### EXERCISE REQUIREMENTS
An exact, complete copy of the entries is needed, with the pictures left out.

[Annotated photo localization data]
—————

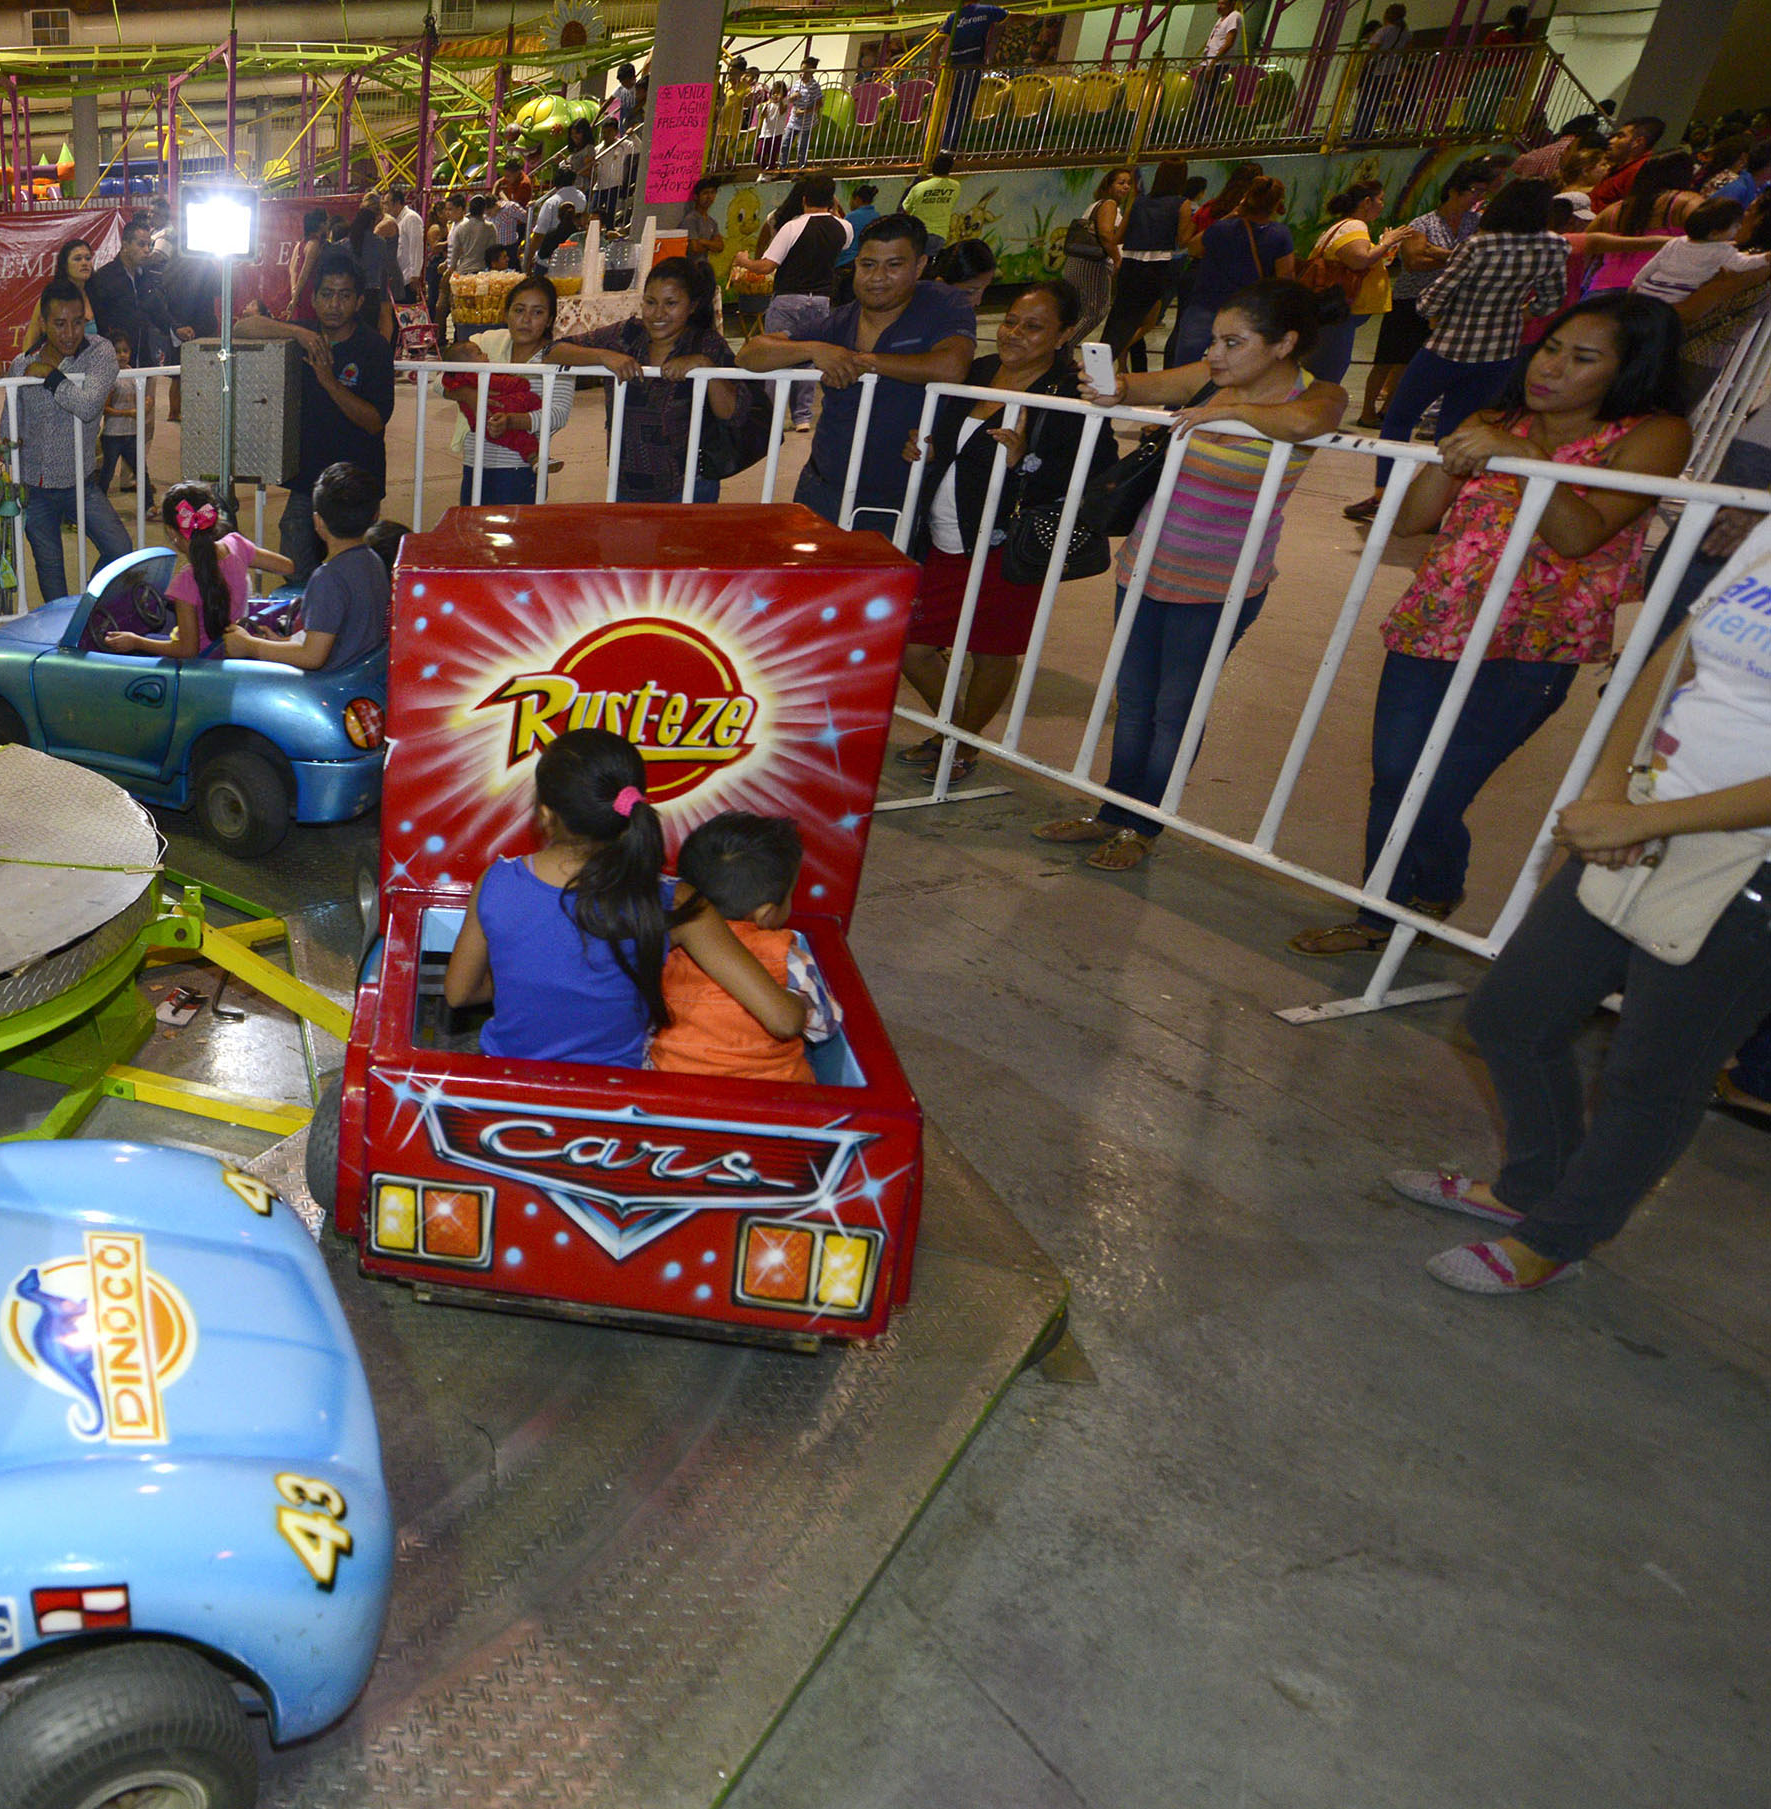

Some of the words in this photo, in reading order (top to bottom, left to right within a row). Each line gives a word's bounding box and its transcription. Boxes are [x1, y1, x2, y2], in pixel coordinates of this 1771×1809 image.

[479, 1119, 796, 1188] Cars
[95, 1245, 148, 1427] DINOCO
[273, 1471, 353, 1594] 43
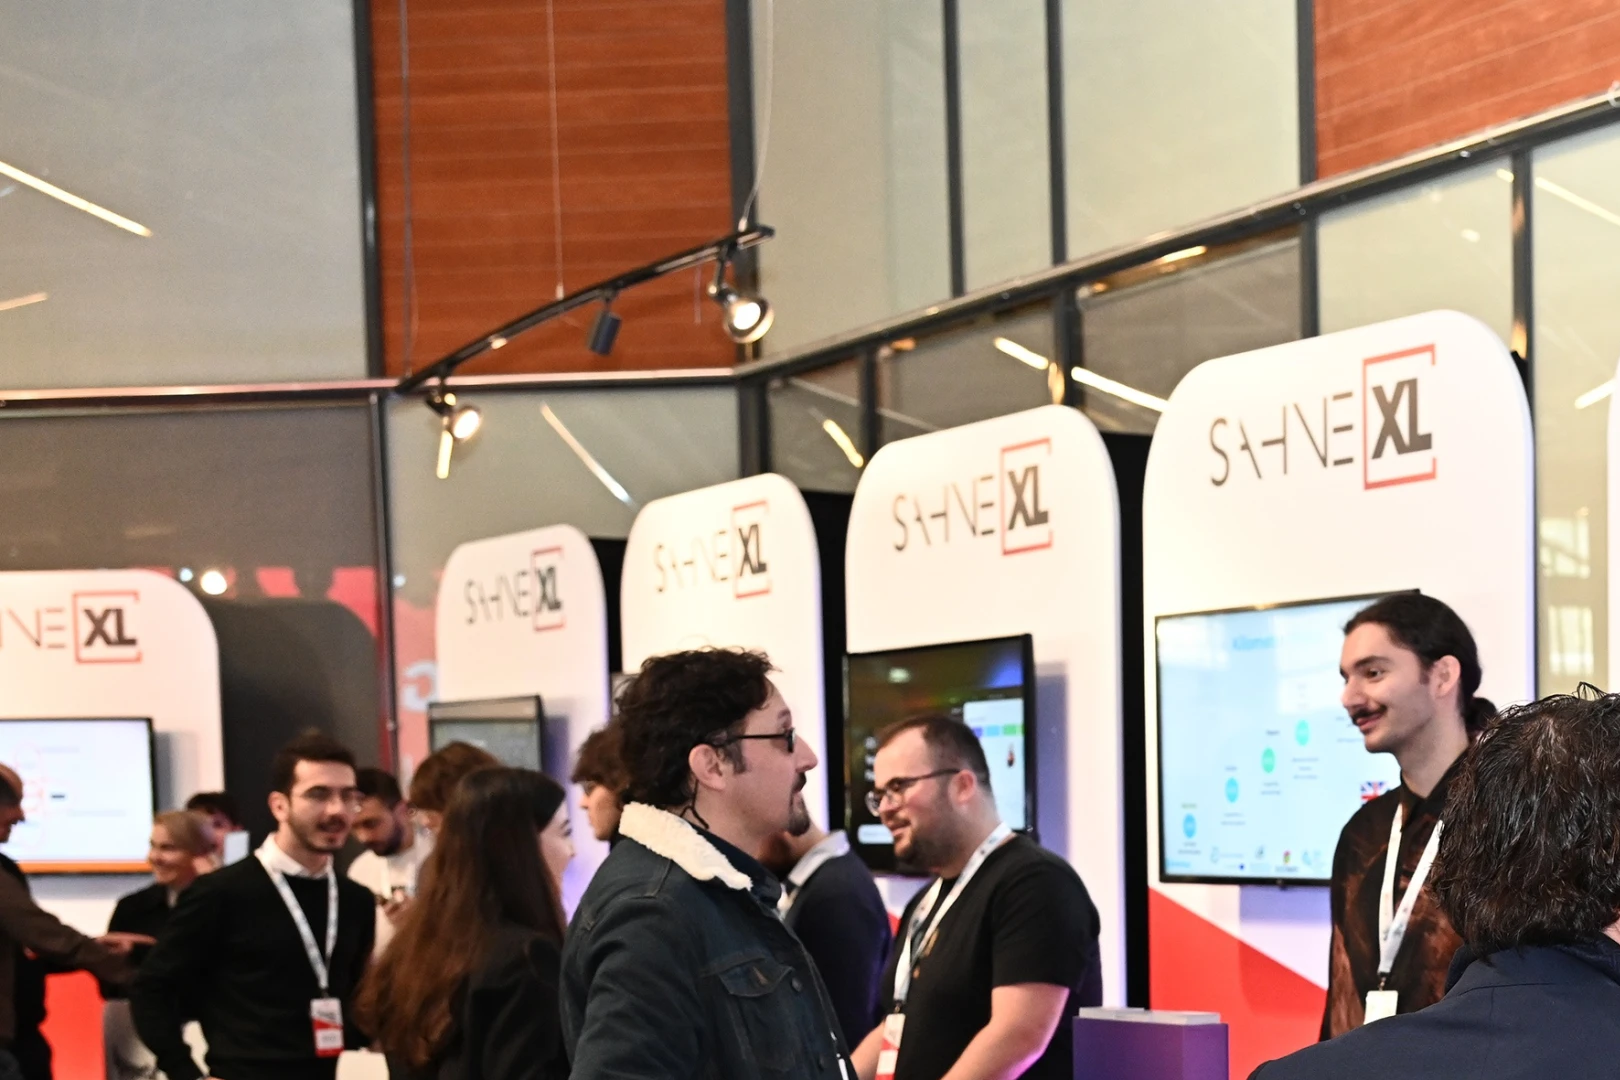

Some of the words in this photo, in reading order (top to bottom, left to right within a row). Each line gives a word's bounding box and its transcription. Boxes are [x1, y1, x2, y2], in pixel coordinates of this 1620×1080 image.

—————

### TASK RESPONSE
Some of the words in this photo, in reading order (top to bottom, left to right within a row). Each line gives a word's bounding box and its transcription. Boxes are [x1, y1, x2, y2], in pixel coordinates of this 1771×1809 image.

[479, 1119, 796, 1188] Cars
[95, 1245, 148, 1427] DINOCO
[273, 1471, 353, 1594] 43

Some of the words in this photo, in reading order (top to bottom, left to right within a row). Each line gives a word's bounding box and its transcription. Boxes are [x1, y1, x2, y2], in pixel coordinates of this 1620×1080 image.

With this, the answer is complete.